Importantly, however, we should recognize that a contradiction lies at the heart of the spectacle: “the same technical infrastructure that is capable of abolishing labor must at the same time preserve labor as a commodity” (Debord 1994 [1967]: 31). One the one hand, the spectacle is an almost “total justification for the conditions and aims of the existing system” (Debord 1994 [1967]: 13). Although the replacement of manual labor through the automation of production is proceeding in an ever-increasing speed with the help of networked computing, we must be made to believe that our labor essentially continues to have the fixed characteristics that it had in industrial society. It is at this juncture at which the cycle of feeding us part of the spectacle-as-commodity while still keeping the system intact where the spectacle loses credibility. We might view the practices of cultures of dissent on the Internet that we will discuss in the following section as micro-struggles that are attempting to disturb the spectacle by getting at some of the critical nodes of its increasingly contradictory network to install a perhaps more democratic or humane version of technology.

  1. Networks

    1. Hackers

The ‘hacker culture’ is actually a loosely networked collection of subcultures that is nevertheless conscious of some important shared experiences, shared roots, and shared values. It has its own myths, heroes, villains, folk epics, in-jokes, taboos, and dreams. Because hackers as a group are particularly creative people who define themselves partly by rejection of ‘normal’ values and working habits, it has unusually rich and conscious traditions for an intentional culture less than 40 years old.

Jargon File 4.3.1

The Internet is the primary sphere in which activisms against the spectacle emerge. Following Geert Lovink, we can divide such activisms into three basic groups: activisms within an existing movement, between movements, or entirely as virtual protest (Lovink 2002: 266). While some of these movements are an extension of real-life organizations such as the websites of Greenpeace or Amnesty International, other movements take place primarily in the net-scapes themselves such as the practice of hacking. Since cultural studies has traditionally put an emphasis on ‘subcultures’ such as skinheads or mods (Hall and Jefferson 1993), it has now singled out hackers as the seemingly most important, coherent group of dissent on the Internet (Thomas 2002). But is hacking really a practice that is directed against the Internet spectacle? Can we conceive hacker culture as a homogeneous whole? And if not, how can we reformulate the practice of hacking in a meaningful way?

Wake up, Neo

The revolutionary capabilities that cultural studies ascribes to hacker culture are not easily qualified. The reason for this might be that hacker culture differs from other forms of activism on the Internet that we will discuss below in that

the substance, the content of hacker culture, is derived from mainstream culture’s embrace of and, simultaneously, confusion about technology. It is a culture in one way completely divorced from mainstream culture, yet in another way completely dependent upon it (Thomas 2002: 4).

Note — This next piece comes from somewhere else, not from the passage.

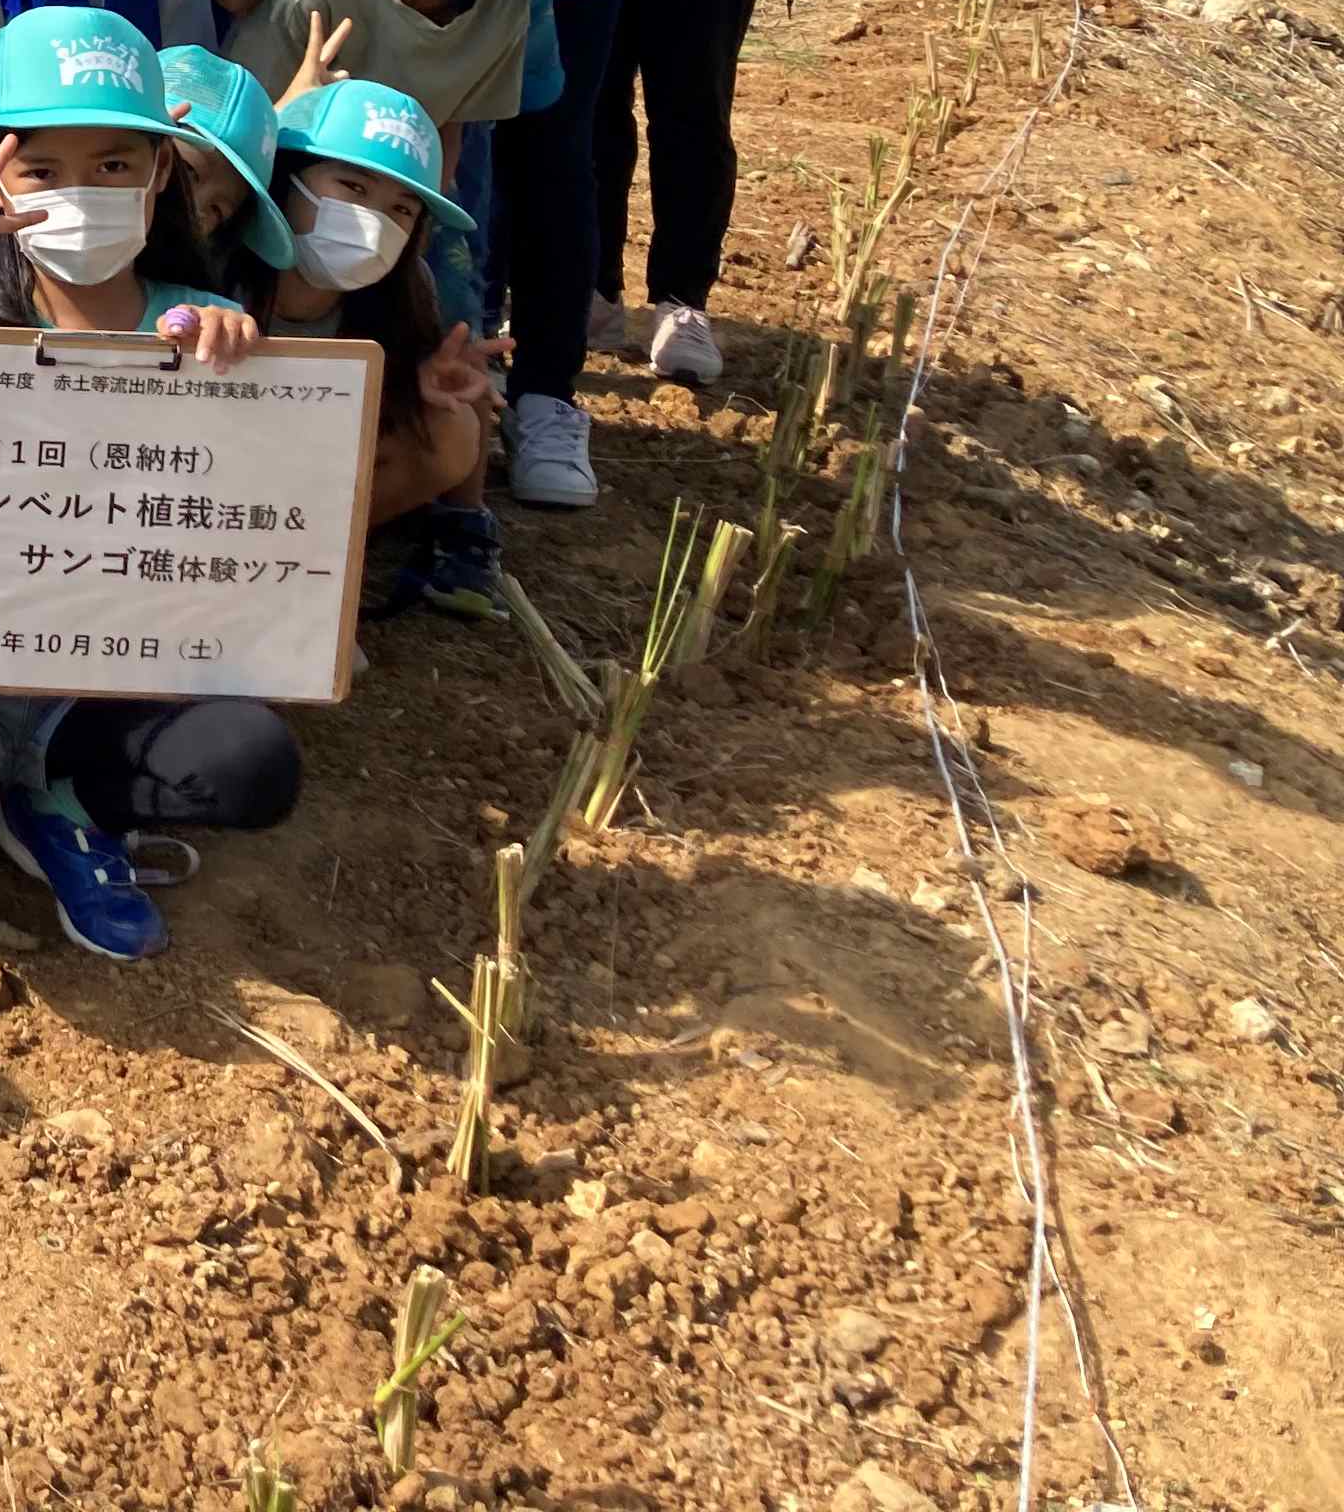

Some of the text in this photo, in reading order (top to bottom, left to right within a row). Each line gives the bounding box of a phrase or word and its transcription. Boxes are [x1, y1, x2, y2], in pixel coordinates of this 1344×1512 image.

[20, 543, 333, 585] サンゴ礁体験ツアー

Thus, any interpretation of hacker culture must largely be based on the fictional descriptions of hackers as an imagined community (Anderson 1991) in the mainstream media. A cultural commodity such as the movie trilogy The Matrix (The Wachowski Brothers 1999) might then point us to some of the crucial aspects in our diagnosis of hackers as a culture of dissent on the Internet (Irwin 2002). The first part of the trilogy is one of the more interesting depictions of hacker culture in mainstream media, and it revolves around several critical issues: the way in which the figure of the hacker is constructed as an amateur opposition to professional corporate authority and power, the notion of a simulated reality, and the capacity of hackers as a marginal social formation to free humanity from oppression. Thomas A. Anderson (Keanu Reeves), the main character of The Matrix, works as a program writer for the software company Metacortex, whereas he spends his spare time in the net-scapes under the hacker alias ‘Neo,’ secretly pursuing the search for a phenomenon that he does not know anything about: the Matrix. In the course of the movie, Anderson finds out that he is actually living in the Matrix, a neural interactive simulation that has been fabricated by a regime of intelligent machines that uses human bodies as mere batteries for their culture’s energy supply while the humans are actually hallucinating a normal life in the late twentieth century. The movie constructs Anderson’s hacker identity as more meaningful than his professional life, and it suggestively depicts how the power structures of informational capital attempt to reincorporate Neo into their logic. Anderson’s professional life is contrasted in at least two scenes in the movie to his hacker practice. In one key scene, Anderson is reprimanded by his boss for being too late for work:

You have a problem with authority, Mr. Anderson. You believe that you’re special, that somehow the rules don’t apply to you. Obviously, you are mistaken. This company is one of the top software companies in the world, because every single employee understands that they are part of a whole. Thus, if an employee has a problem, the company has a problem.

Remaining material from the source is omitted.